DATA
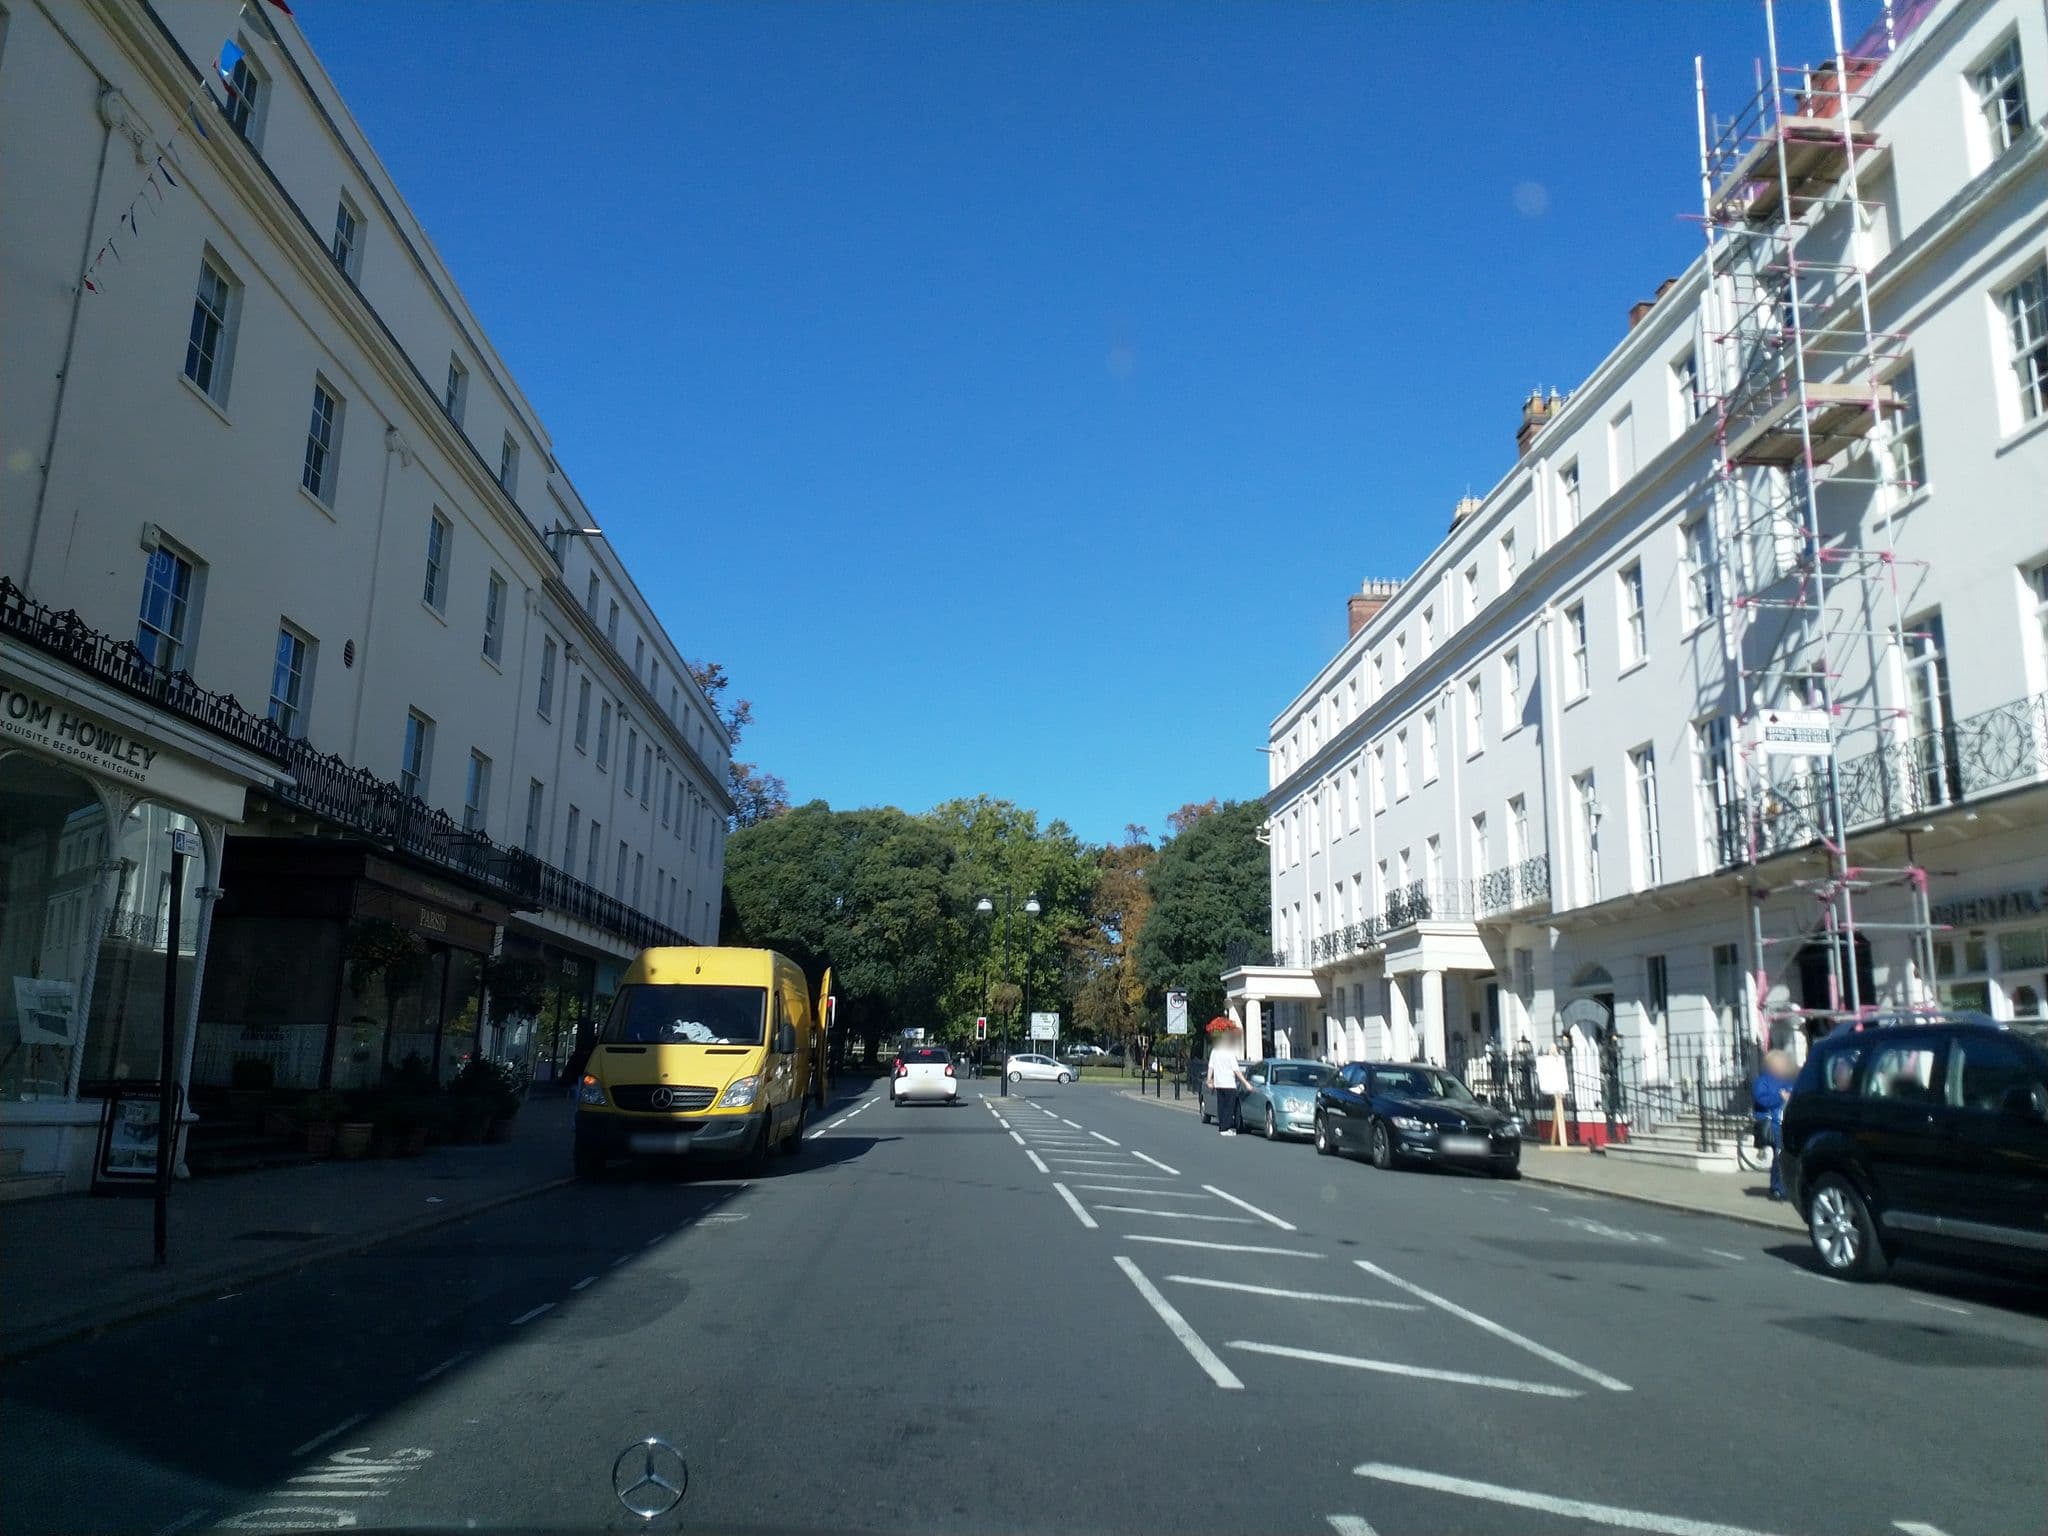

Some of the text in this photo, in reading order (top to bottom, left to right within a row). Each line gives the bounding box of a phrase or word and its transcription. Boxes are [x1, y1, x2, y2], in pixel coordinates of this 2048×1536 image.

[0, 685, 157, 770] TOM HOWLEY
[53, 740, 98, 765] BESPOKE
[102, 760, 146, 782] KITCHENS
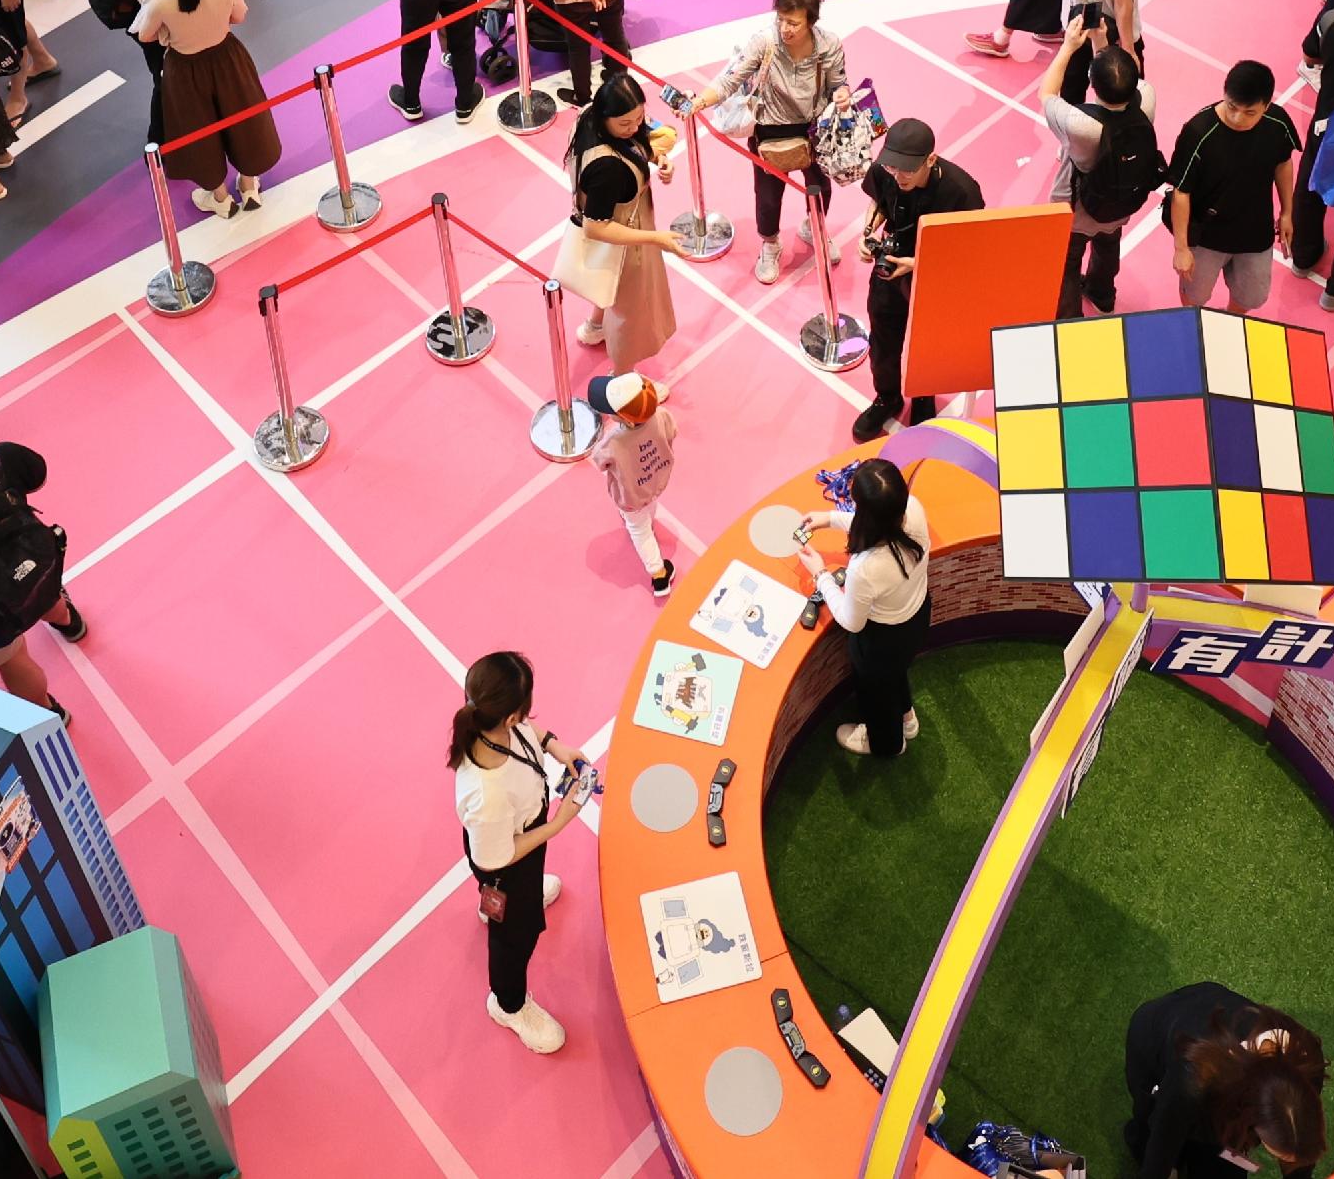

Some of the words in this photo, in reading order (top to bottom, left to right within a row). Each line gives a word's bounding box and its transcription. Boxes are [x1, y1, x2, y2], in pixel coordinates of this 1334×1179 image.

[638, 439, 653, 452] be
[639, 447, 657, 463] one
[1168, 625, 1334, 674] 有計

PROBLEM DESCRIPTION
Leaving aside the pictures, copy the listing above exactly.

PROBLEM SOLUTION
Some of the text in this photo, in reading order (top to bottom, left to right within a row). Each line gives the bounding box of a phrase or word and its transcription. Boxes are [x1, y1, x2, y2], in pixel coordinates of this 2048×1536 image.

[0, 685, 157, 770] TOM HOWLEY
[53, 740, 98, 765] BESPOKE
[102, 760, 146, 782] KITCHENS

Some of the words in this photo, in reading order (top to bottom, left to right within a row). Each line gives a word's bounding box and its transcription. Boxes are [x1, y1, x2, y2], in pixel coordinates of this 1334×1179 image.

[638, 439, 653, 452] be
[639, 447, 657, 463] one
[1168, 625, 1334, 674] 有計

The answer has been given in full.